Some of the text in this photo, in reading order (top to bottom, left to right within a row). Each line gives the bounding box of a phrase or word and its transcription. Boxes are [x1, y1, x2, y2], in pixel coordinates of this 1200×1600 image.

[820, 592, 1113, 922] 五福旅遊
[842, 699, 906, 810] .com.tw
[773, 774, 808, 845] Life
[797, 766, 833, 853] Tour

Brief:
Set down the whole of the material, exactly.

Task result:
Some of the text in this photo, in reading order (top to bottom, left to right within a row). Each line gives the bounding box of a phrase or word and its transcription. Boxes are [x1, y1, x2, y2], in pixel coordinates of this 1200×1600 image.

[820, 592, 1113, 922] 五福旅遊
[842, 699, 906, 810] .com.tw
[773, 774, 808, 845] Life
[797, 766, 833, 853] Tour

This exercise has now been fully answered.